Forensics students investigate mock homicide

Douglas County Sheriff’s Investigator Steve Schultz shows students how to properly handle evidence.

Douglas County Sheriff’s Investigator Steve Schultz shows students how to properly handle evidence.
Photo by Sarah Drinkwine.

 

No outside person or journalists were allowed entrance to the crime scene in two Douglas High School classrooms Thursday without proper clearance first.

Manuel Garcia, a senior at the high school, took that duty very seriously.

“We have a crime scene here, what is your purpose?” he asked.

Inside, lay Aunt Mabel’s body with a head wound, a gun a few feet away and blood splattered near a coffee mug.

Garcia was one of about 15 students investigating the mock homicide in Kimberly Tretton’s forensics class. The scene was staged with a CPR resuscitation doll, gun prop and fake blood, but the investigative process the students under took was real.

“They’re learning real skills and procedures in solving a homicide,” said Douglas County Sheriff’s Investigator Steve Schultz.

Schultz and Investigator Nadine Jenkins were on site to help guide the students with the crime scene and provide realistic information and procedures of what to do and not to do in a case like this.

“It’s really nice to see this type of course being offered,” said Schultz. “It was a class like this that started my 30-year career, so this may be a path these kids might end up taking and they’re learning the skills and process it takes to do it.”

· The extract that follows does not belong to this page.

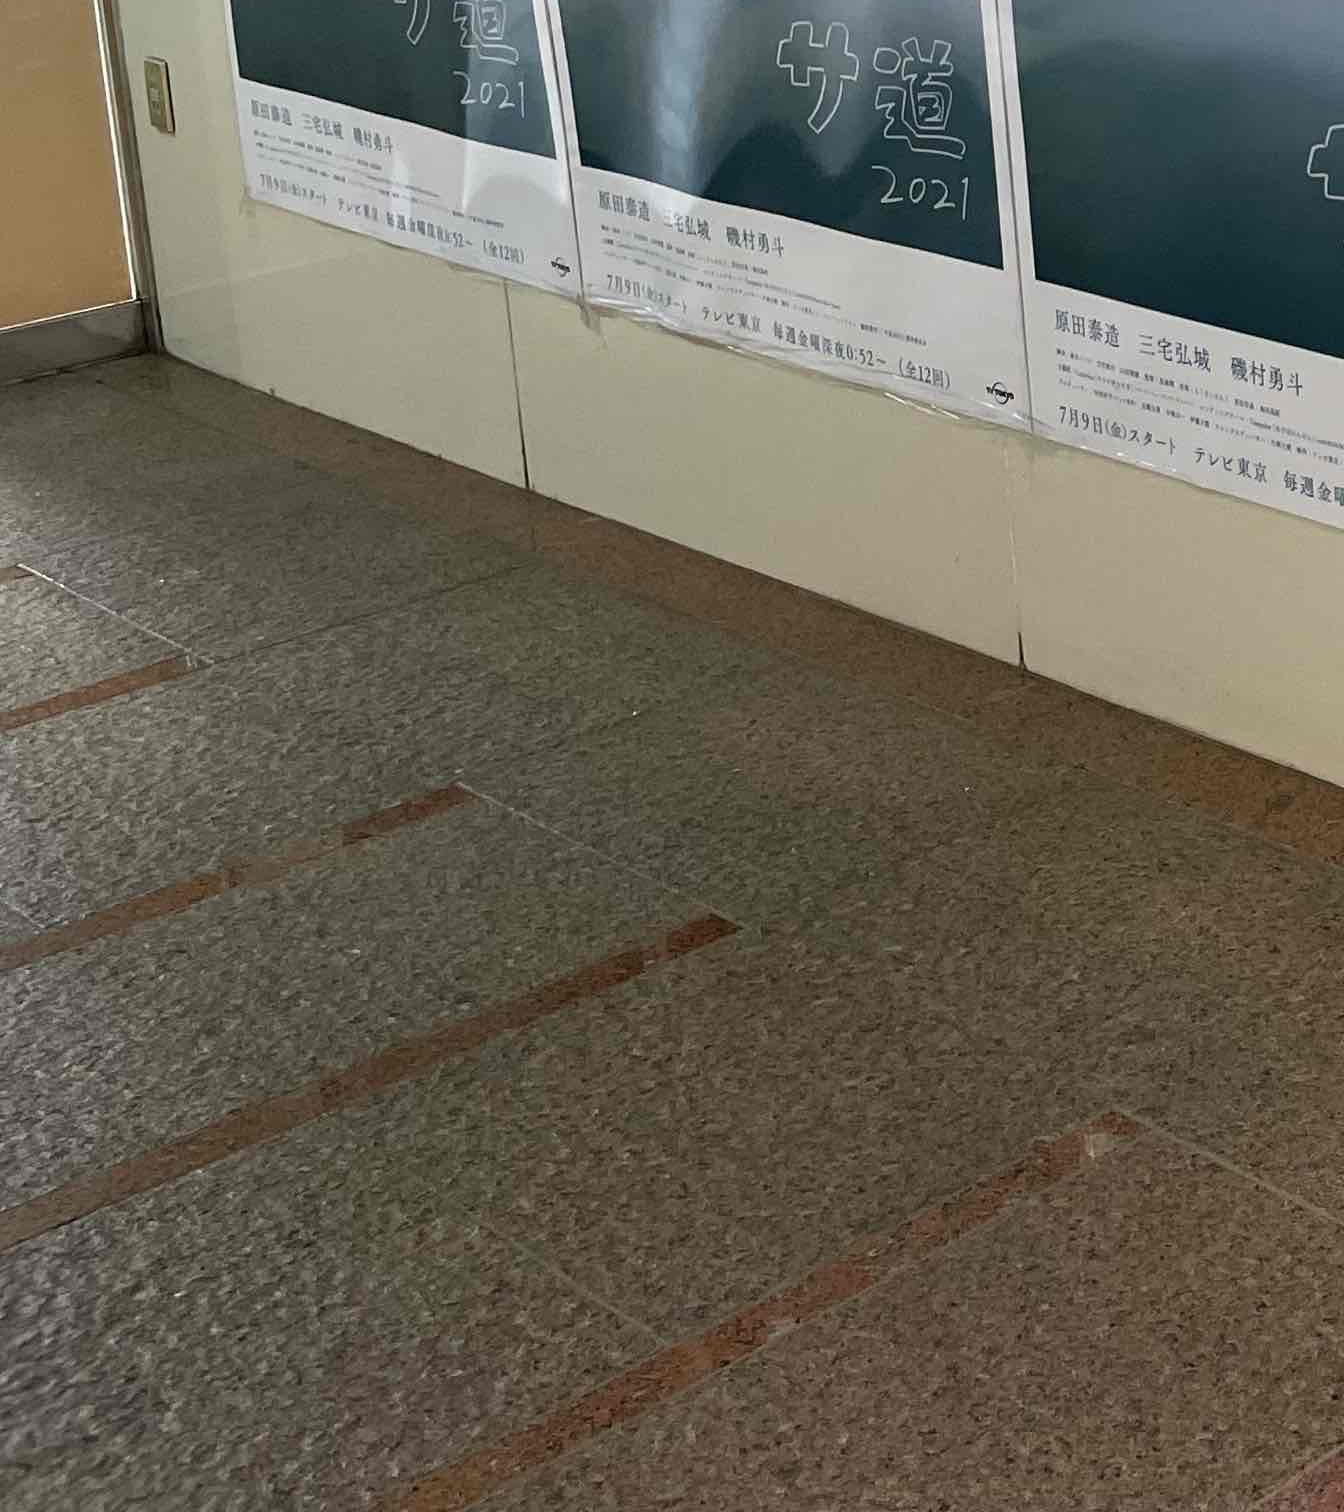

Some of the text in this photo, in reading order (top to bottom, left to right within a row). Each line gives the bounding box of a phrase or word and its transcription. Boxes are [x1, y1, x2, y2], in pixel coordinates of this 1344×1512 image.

Inside the classroom Junior Sabrina Settelmeyer’s team were collecting evidence.

“It’s been challenging, but I’ve enjoyed the challenge and through gentle leadership and teamwork, we have a chance at being successful,” said Settelmeyer.

Settelmeyer oversees her team and directs the crime scene through the collection and analyzing of evidence process.

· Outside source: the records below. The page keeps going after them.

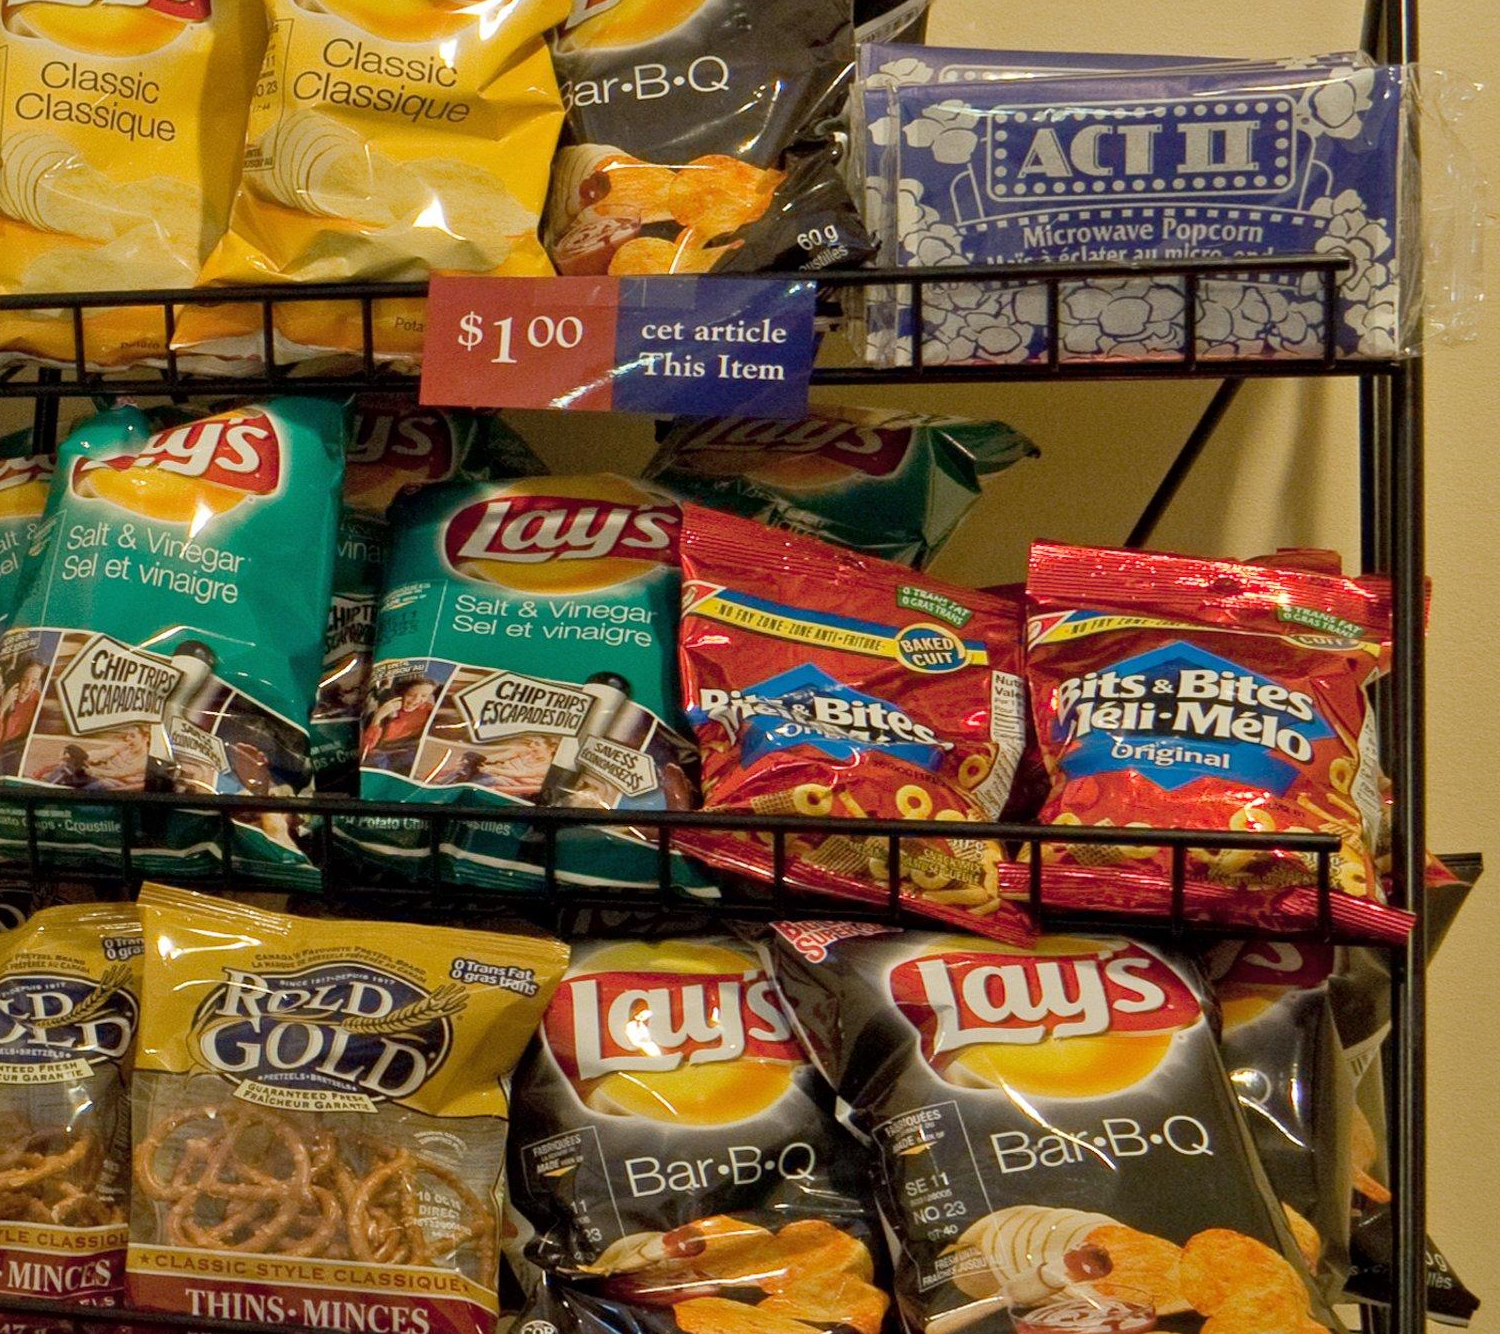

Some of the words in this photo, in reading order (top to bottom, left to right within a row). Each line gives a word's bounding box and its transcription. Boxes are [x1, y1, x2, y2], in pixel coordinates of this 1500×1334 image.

[322, 38, 458, 88] Classic
[41, 61, 159, 104] Classic
[293, 70, 471, 124] Classique
[14, 93, 176, 142] Classique
[1019, 122, 1163, 178] ACT
[1023, 219, 1154, 249] Microwave
[1162, 217, 1263, 244] Popcorn
[640, 324, 688, 343] cet
[697, 322, 788, 344] article
[638, 352, 707, 377] This
[718, 354, 786, 380] Item
[68, 523, 111, 552] Salt
[119, 527, 138, 547] &
[146, 527, 245, 573] Vinegar
[62, 553, 96, 581] Sel
[104, 559, 130, 583] et
[138, 562, 239, 605] vinaigre
[455, 595, 511, 618] Salt
[520, 598, 540, 618] &
[549, 598, 658, 626] Vinegar
[451, 615, 492, 638] Sel
[501, 618, 528, 638] et
[535, 618, 652, 647] vinaigre
[900, 637, 955, 654] BAKED
[911, 651, 952, 666] CUIT
[1059, 672, 1146, 726] Bits
[1152, 678, 1173, 694] &
[1177, 669, 1313, 721] Bites
[1111, 741, 1230, 769] Original
[917, 951, 1178, 1051] Lay's
[201, 1012, 428, 1097] GOLD
[905, 1181, 928, 1197] SE
[931, 1171, 950, 1188] 11
[914, 1206, 939, 1224] NO
[946, 1200, 966, 1217] 23
[156, 1255, 238, 1277] CLASSIC
[246, 1261, 325, 1282] STYLE
[334, 1267, 462, 1293] CLASSIQUE
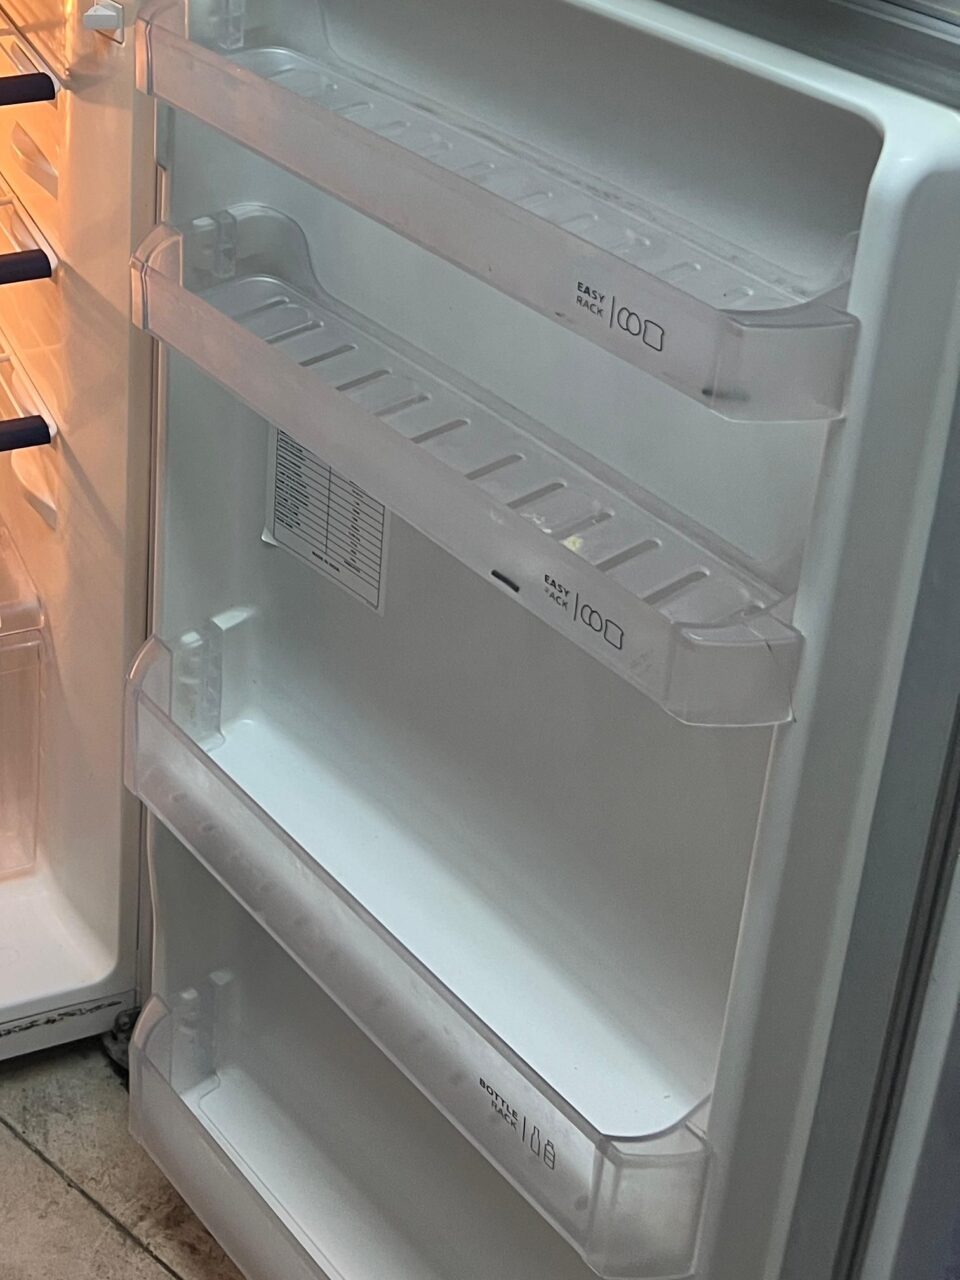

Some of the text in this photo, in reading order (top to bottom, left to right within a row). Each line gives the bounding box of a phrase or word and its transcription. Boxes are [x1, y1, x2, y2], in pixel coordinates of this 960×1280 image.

[577, 281, 605, 303] EASY
[576, 295, 604, 317] RACK
[544, 574, 570, 597] EASY
[480, 1077, 518, 1121] BOTTLE
[491, 1100, 517, 1131] RACK

“I’m like a Swiss army knife here,” she said. “My skills are being challenged, but it’s been a great experience.”

Schultz showed the students the proper way to pick up evidence so as not to tamper with it.

“You want to pick it up from the smallest side you can find, because fingerprints are all over it and you don’t want to tamper it,” he explained. He also showed them how to properly move and store evidence.

The homicide scenario is 50 percent of the students’ final grade and is broken into two days. Day one, students contain the evidence and day two, they interview their suspects and try to find the perpetrator.

Through the course students learn evidence collecting, crime scene processing, crime scene photography, crime scene sketching and hair, fiber and fingerprint analysis. The course has been offered at the school for at least 16 years as an elective. This year it has been approved as a science fulfillment course toward graduation, said Tretton.

“It gives another option for students to fill that requirement,” she said. “Most students use biology or chemistry and this adds something different to their curriculum. It’s been a lot of fun and the students are very hands on with it.”